Since I was little, my mind completely missed the aggressive part of what being a "man" seemed to mean in the culture I was living in. It was always about the hero, which when I was a child meant being a soccer player or an actor, and often the actor played roles where he was "cool and badass". I wasn't like that, but for years I wanted to: I even dreamt about being a hero, saving and being loved by girls. The whole package. I liked what I wasn't cause I wanted to feel accepted by others and myself.
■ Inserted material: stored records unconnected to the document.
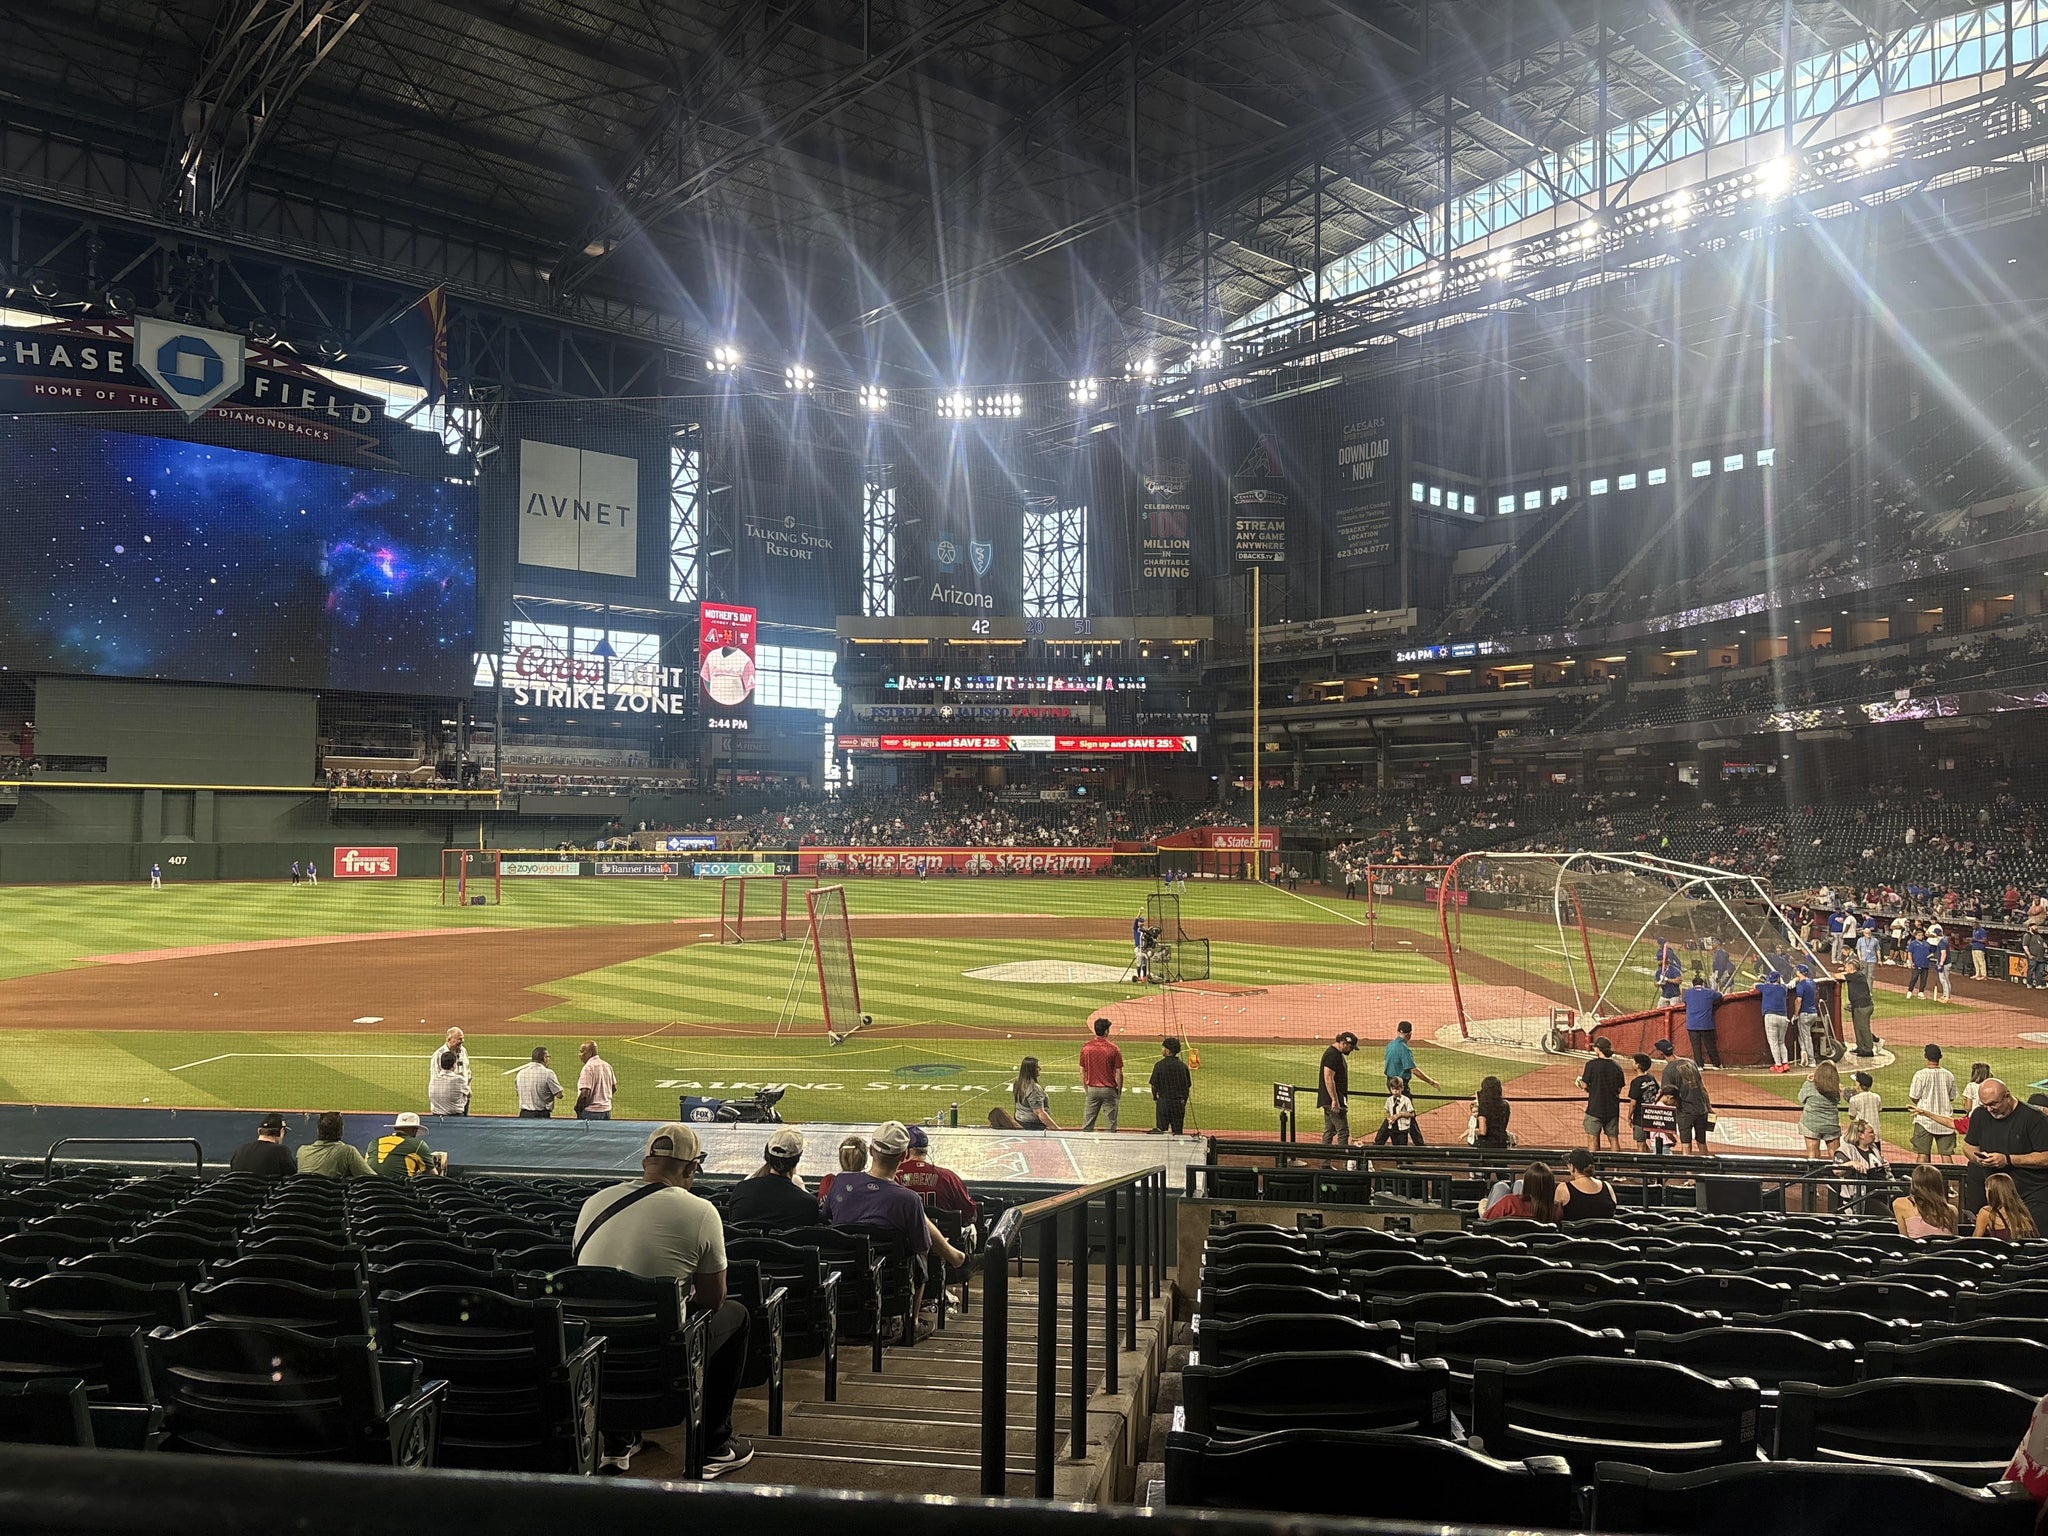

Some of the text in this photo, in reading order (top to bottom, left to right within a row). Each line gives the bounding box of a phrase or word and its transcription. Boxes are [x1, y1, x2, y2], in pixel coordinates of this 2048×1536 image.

[255, 377, 372, 424] FIELD
[35, 384, 329, 440] HOME OF THE DIAMONDBACKS
[1343, 417, 1385, 435] CAESARS
[1338, 438, 1389, 466] DOWNLOAD
[1352, 460, 1375, 482] NOW
[526, 493, 631, 528] AVNET
[1236, 520, 1285, 531] STREAM
[744, 523, 833, 549] TALKING STICK
[1347, 530, 1379, 541] LOCATION
[766, 541, 813, 560] RESORT
[1143, 539, 1190, 549] MILLION
[1143, 567, 1190, 578] GIVING
[930, 583, 993, 609] Arizona
[704, 609, 753, 623] MOTHER'S DAY
[971, 619, 990, 634] 42
[1026, 619, 1046, 635] 20
[1074, 620, 1092, 635] 51
[1396, 649, 1433, 662] 2:44 PM
[514, 645, 684, 688] Coors LIGHT
[514, 684, 684, 714] STRIKE ZONE
[871, 707, 937, 717] ESTRELLA
[955, 707, 1010, 717] JALISCO
[708, 719, 748, 729] 2:44 PM
[903, 738, 922, 748] Sign
[923, 740, 934, 748] up
[935, 738, 952, 747] and
[953, 738, 981, 748] SAVE
[1079, 739, 1098, 749] Sign
[1098, 740, 1110, 749] up
[1110, 739, 1127, 748] and
[1127, 739, 1155, 748] SAVE
[1227, 836, 1271, 848] State Frm
[168, 856, 187, 865] 407
[341, 850, 391, 874] fry's
[848, 853, 896, 870] State
[996, 854, 1091, 871] State Farm
[612, 864, 642, 873] Banner
[738, 864, 765, 874] COX
[776, 864, 790, 873] 374
[862, 1082, 989, 1092] STICK
[1644, 1109, 1673, 1117] ADVANTAGE
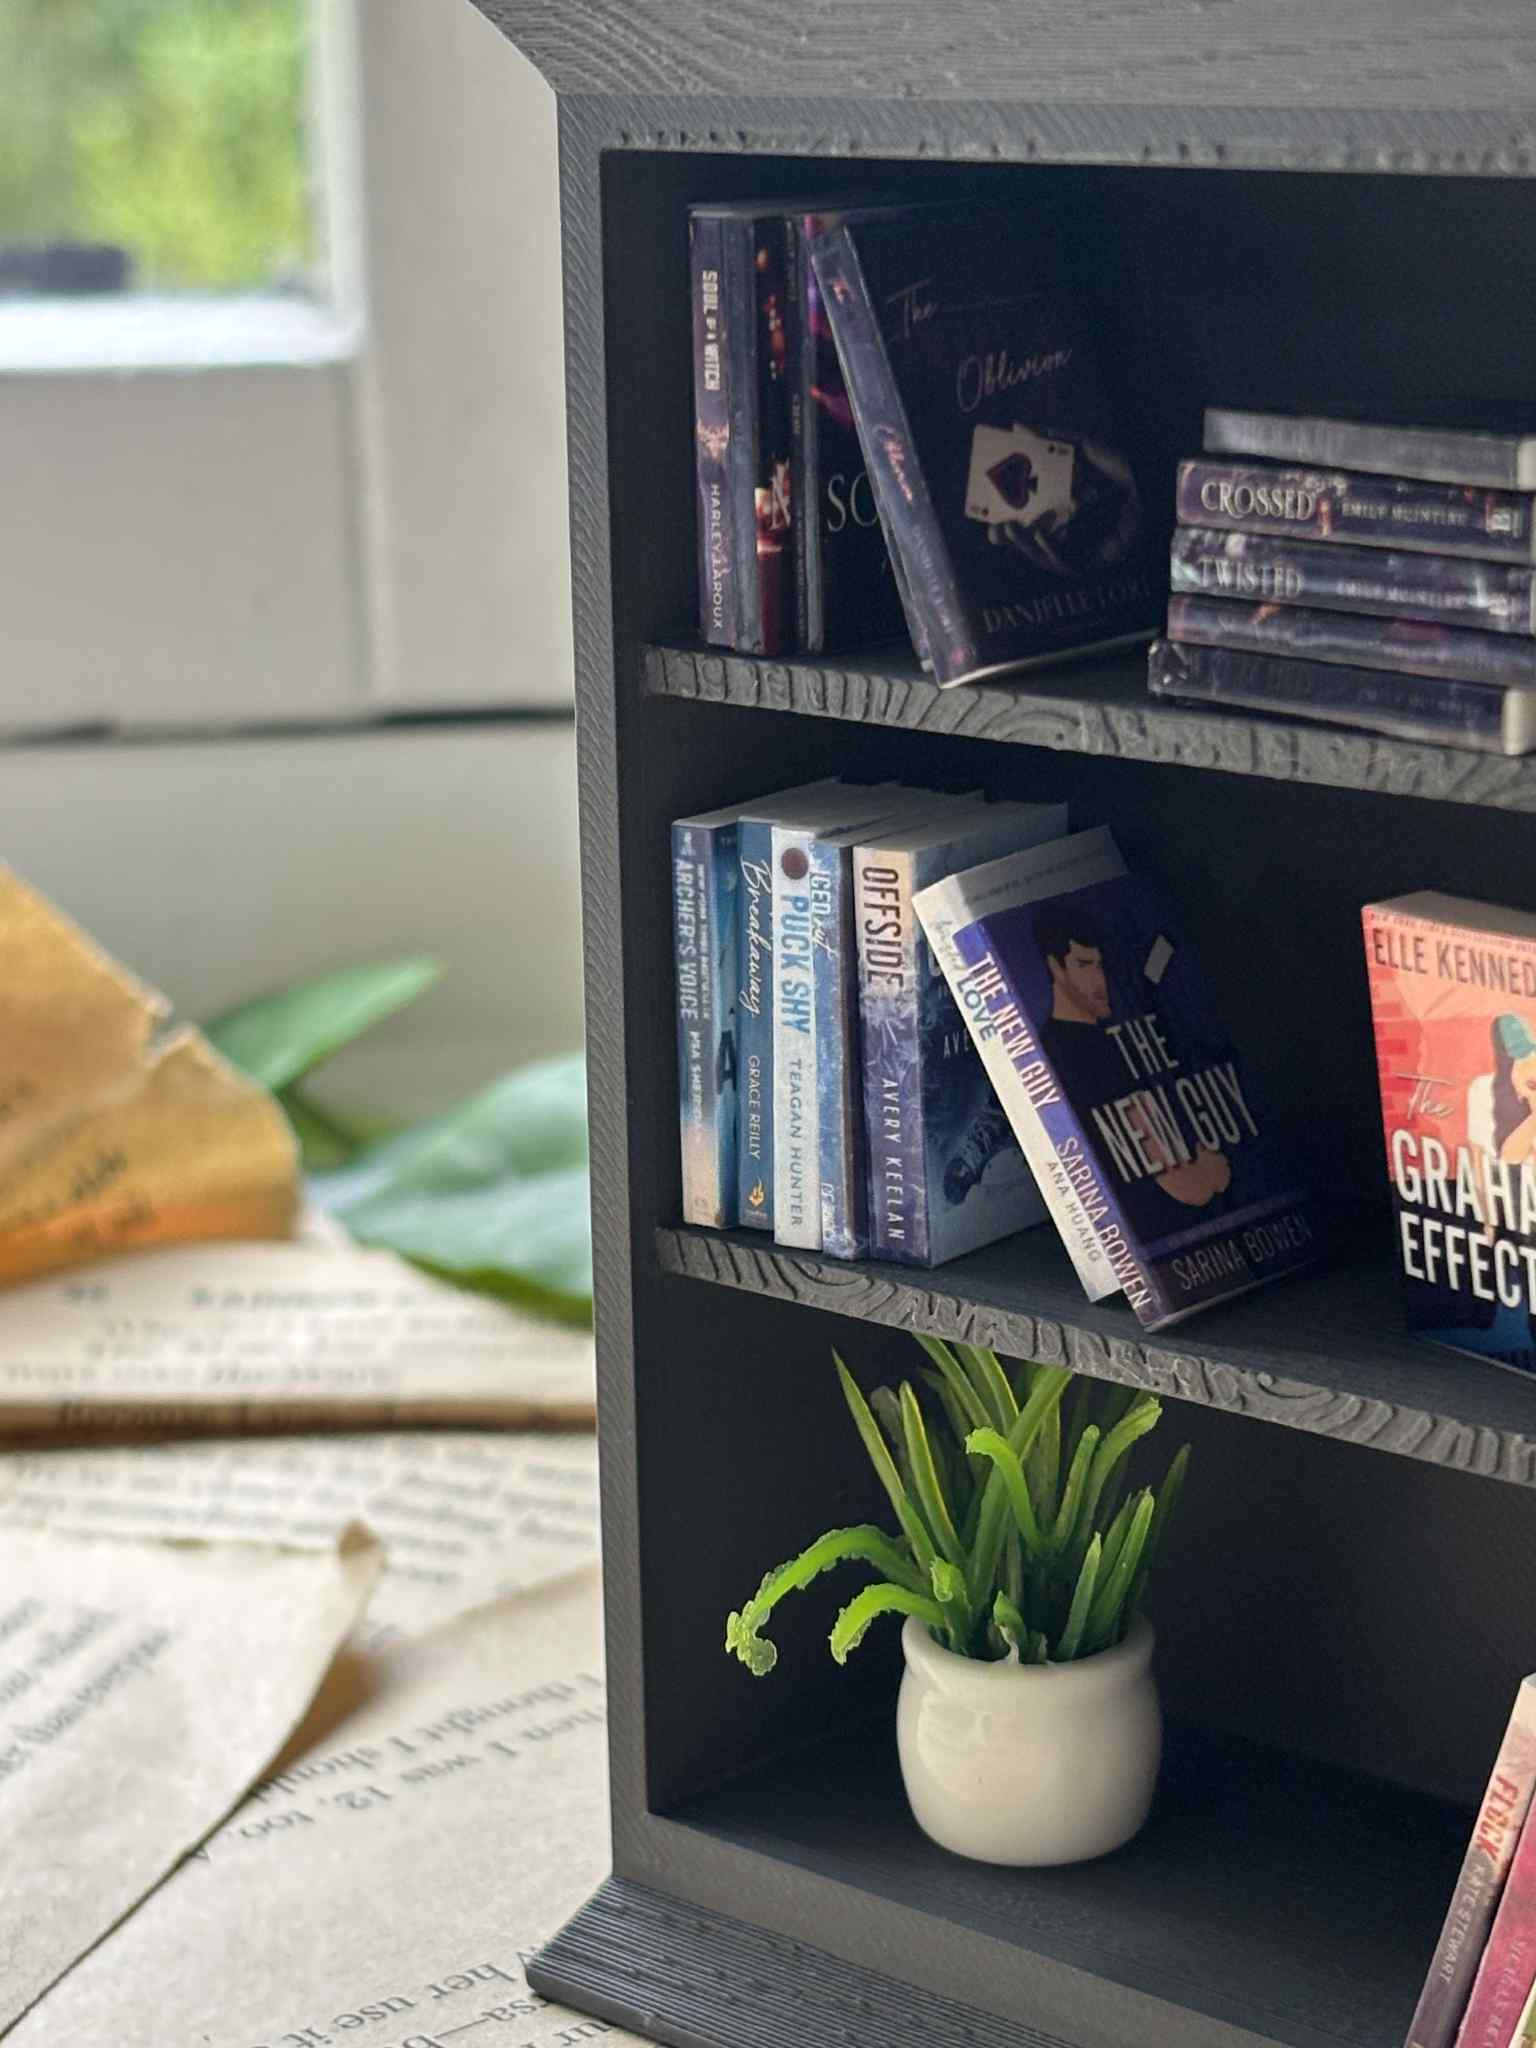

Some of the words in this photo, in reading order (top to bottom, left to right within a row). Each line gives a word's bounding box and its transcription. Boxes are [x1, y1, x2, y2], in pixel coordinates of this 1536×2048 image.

[702, 270, 720, 314] SOUL
[710, 484, 722, 552] HARLEY
[1201, 481, 1316, 521] CROSSED
[1198, 554, 1306, 599] TWISTED
[675, 858, 698, 957] ARCHER'S
[739, 856, 773, 1017] Breakaway
[780, 895, 811, 975] PUCK
[862, 866, 904, 989] OFFSIDE
[1373, 927, 1428, 976] ELLE
[679, 960, 700, 1020] VOICE
[781, 979, 811, 1034] SHY
[1104, 1014, 1179, 1080] THE
[748, 1055, 760, 1107] GRACE
[789, 1059, 802, 1139] TEAGAN
[882, 1078, 902, 1144] AVERY
[957, 976, 998, 1041] LOVE
[1047, 1161, 1070, 1197] ANA
[1396, 1073, 1456, 1120] The
[749, 1112, 761, 1161] REILLY
[966, 951, 1008, 1004] THE
[992, 1002, 1036, 1061] NEW
[1019, 1060, 1061, 1109] GUY
[1057, 1137, 1110, 1223] SARINA
[1099, 1223, 1152, 1310] BOWEN
[1091, 1085, 1192, 1183] NEW
[1175, 1062, 1259, 1151] GUY
[790, 1150, 804, 1226] HUNTER
[885, 1156, 905, 1240] KEELAN
[1171, 1239, 1249, 1290] SARINA
[1242, 1211, 1313, 1263] BOWEN
[1400, 1210, 1536, 1316] EFFECT
[1476, 1774, 1520, 1863] FLOCK
[333, 1995, 420, 2030] use
[427, 1961, 519, 2000] her
[281, 2025, 334, 2048] it
Now, in retrospect, it makes sense that I consider myself non-binary: I don't fit into the gender role of a man. Being born as one, though, estranged me from my peers. This hero perspective, the fact that you have to be aggressive to be human, not only involves women but everyone who doesn't fit into a specific "man" category. The "Carrier Bag Theory of Fiction" could relieve a lot of people, which often are the ones already with problems about their identity or not being treated equally by society.
We should change the meaning of what a story is because our lives, dreams, and hopes are based on them. Making them more inclusive makes our world more inclusive, and we should aim at that.
Edit: I've watched a couple of youtube videos on the manosphere*, and they introduced many concepts around man's role in our society that intersect interestingly with this post. A significant factor that F.D Signifier, the author of those videos, points out is the presence of a certain kind of cultural hegemony in the world that we live in: hegemonic masculinity. Coined by Raewyn Connel in 1987, the term describes "a set of values, established by men in power that functions to include and exclude, and to organize society in gender unequal ways. It combines several features: a hierarchy of masculinities, differential access among men to power (over women and other men), and the interplay between men's identity, men's ideals, interactions, power, and patriarchy." [1] The values differ from culture to culture, but I think that, through globalization, the hero that Le Guin talks about is a product of this hegemony. What I didn't have, and these heroes had, are the values of masculinity, which are often enforced on female and queer protagonists.
To change the meaning of what a story is, we need to change the cultural hegemony surrounding it; we need to start by changing the masculine hegemony that has historically defined the hero.
*: to the lucky uninitiated, the manosphere is, as defined by Wikipedia, "a collection of websites, blogs, and online forums promoting (to varying degrees) masculinity, misogyny, and opposition to feminism." What makes it interesting is this cultural phenomenon's prevalence on the internet. For example, the Urban Dictionary defines it differently: "A group of websites made for men to discuss men's interests and issues without women nagging them." There are other definitions on the side of Wikipedia, but they have many dislikes. This proves the pride people in that community feel about themselves and their numbers online.
1: Jewkes R., Morrell R. Sexuality and the Limits of Agency among South African Teenage Women: Theorising Femininities and Their Connections to HIV Risk Practices. Social Science & Medicine. 2012.